Work order
The following data is to be repeated exactly, its pictures excluded.
(Supplied entries)
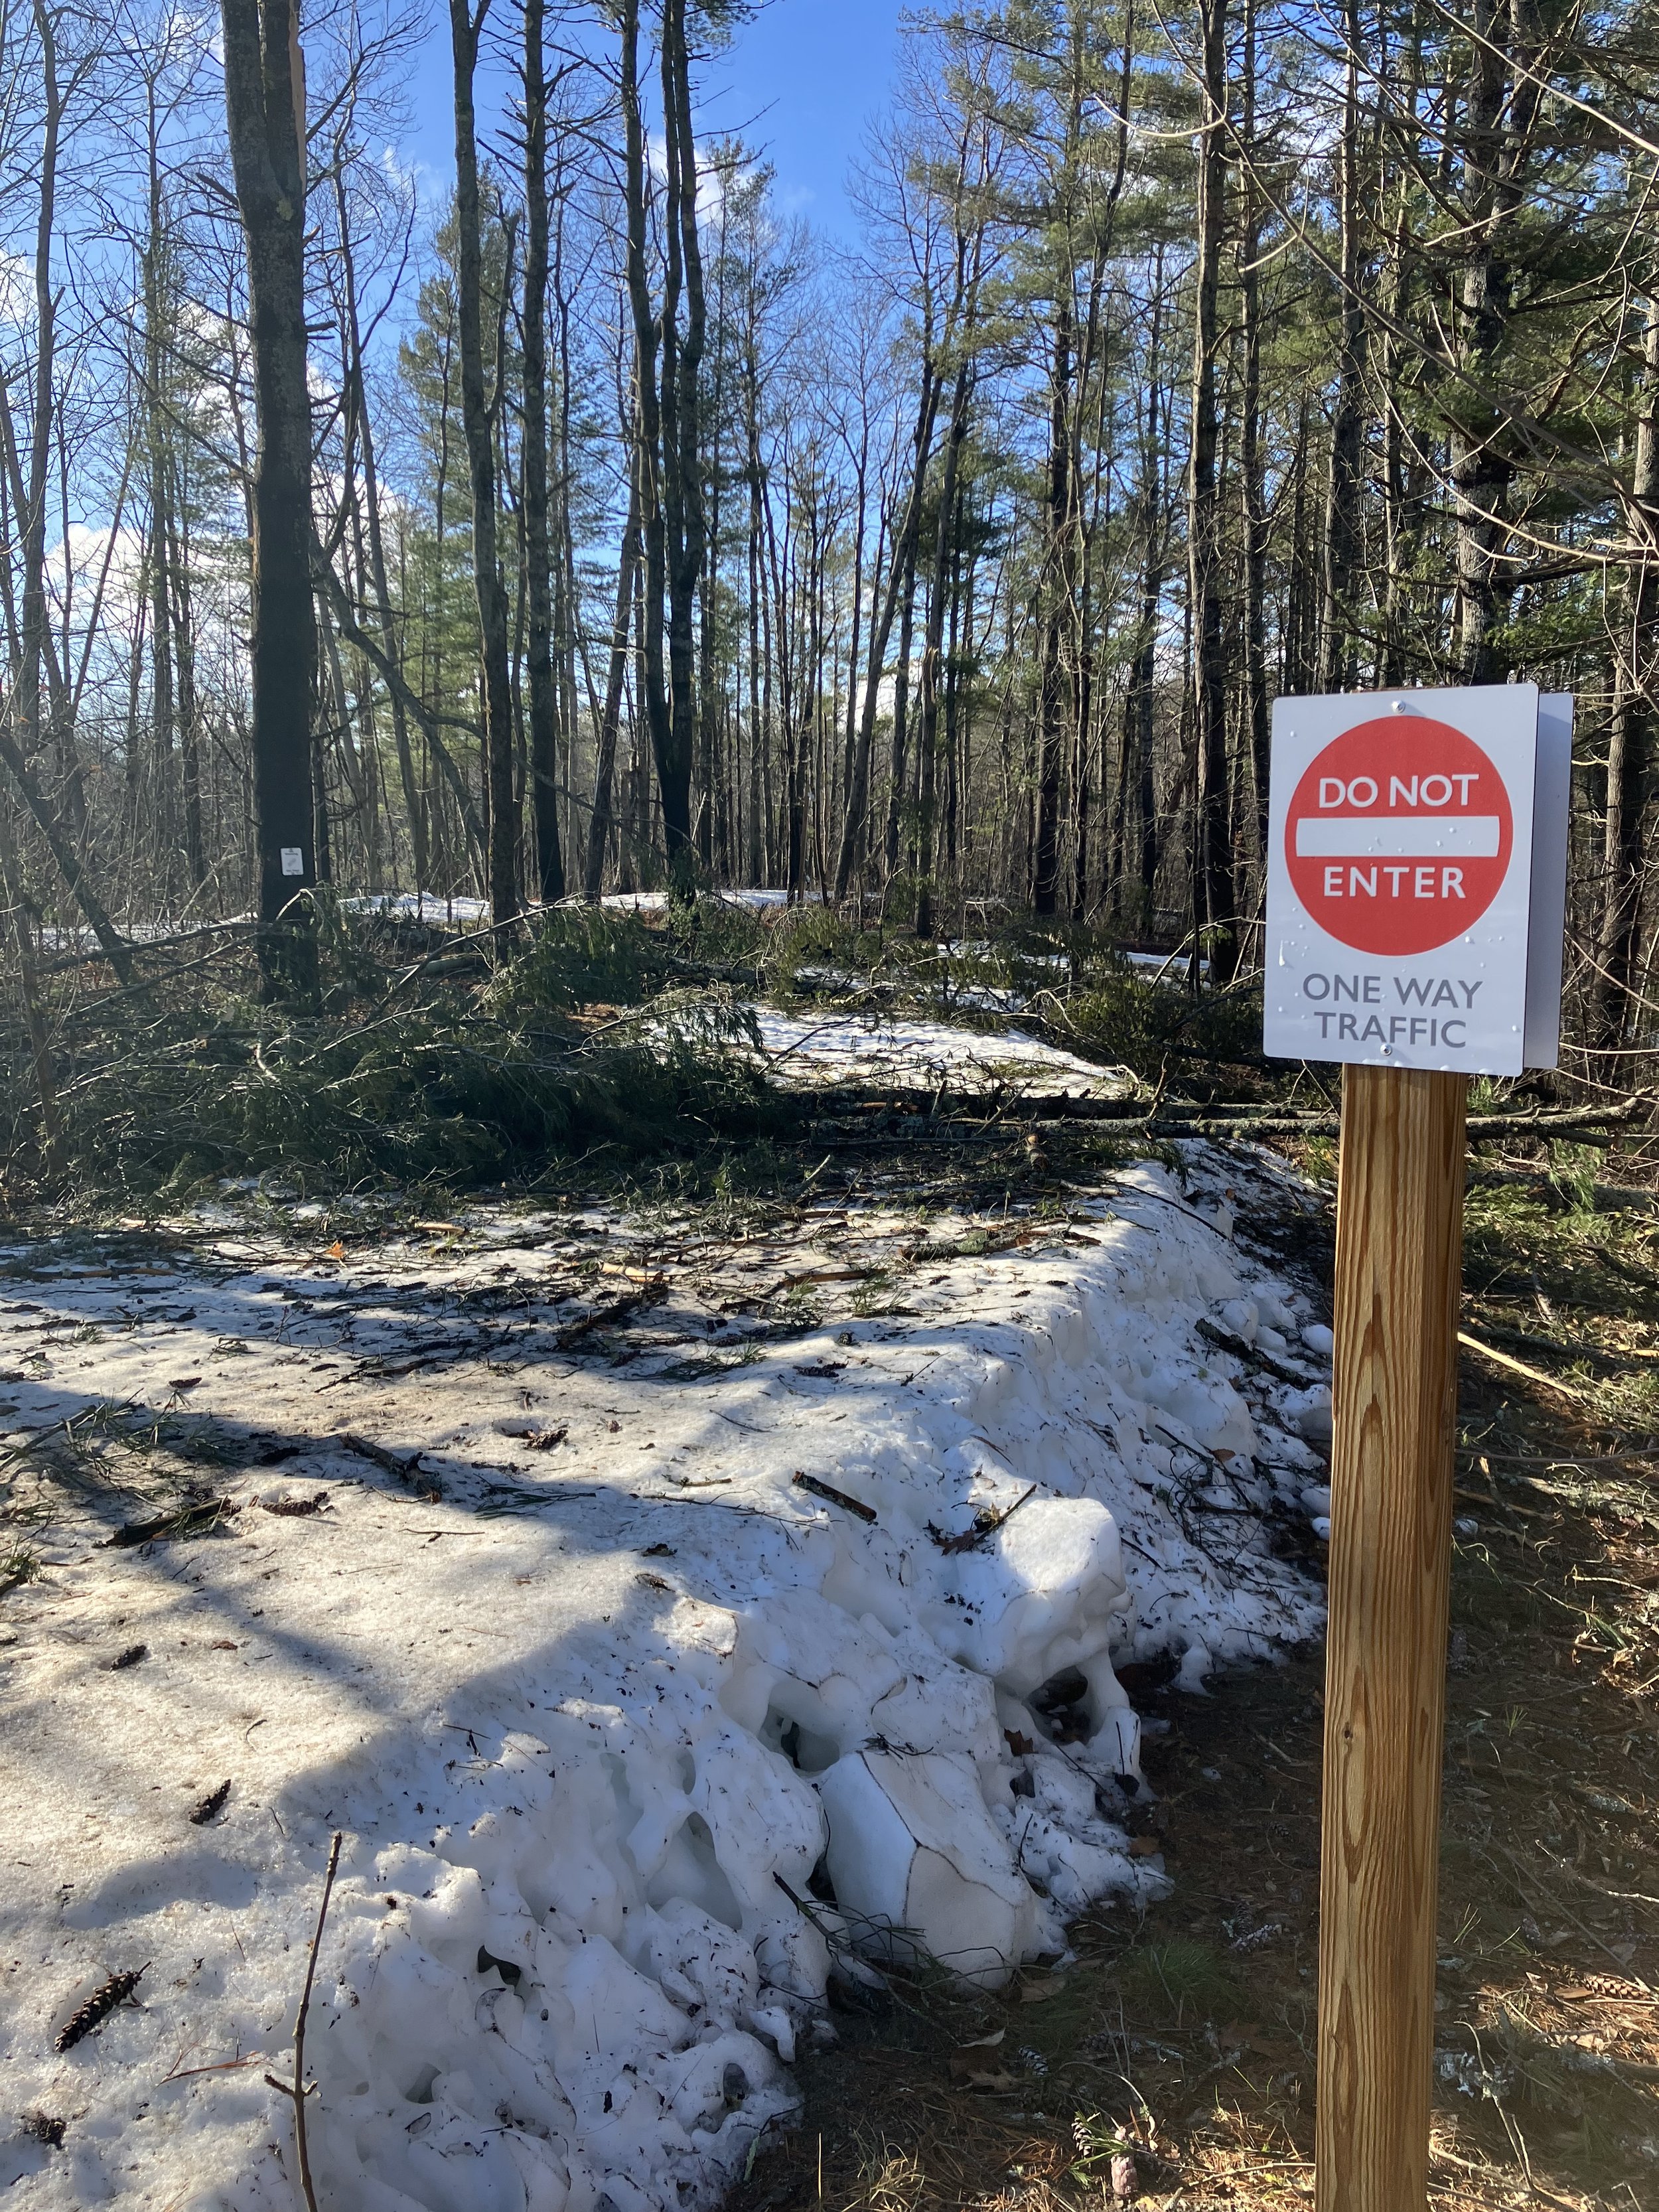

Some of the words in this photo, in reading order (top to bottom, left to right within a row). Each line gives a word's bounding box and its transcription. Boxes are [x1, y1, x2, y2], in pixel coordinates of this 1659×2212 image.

[1319, 776, 1378, 808] DO
[1389, 774, 1480, 807] NOT
[1323, 866, 1466, 899] ENTER
[1303, 973, 1381, 1004] ONE
[1394, 977, 1483, 1009] WAY
[1314, 1011, 1467, 1048] TRAFFIC
(End Supplied entries)
Answer space
Some of the words in this photo, in reading order (top to bottom, left to right within a row). Each line gives a word's bounding box and its transcription. Boxes are [x1, y1, x2, y2], in pixel coordinates of this 1659×2212 image.

[1319, 776, 1378, 808] DO
[1389, 774, 1480, 807] NOT
[1323, 866, 1466, 899] ENTER
[1303, 973, 1381, 1004] ONE
[1394, 977, 1483, 1009] WAY
[1314, 1011, 1467, 1048] TRAFFIC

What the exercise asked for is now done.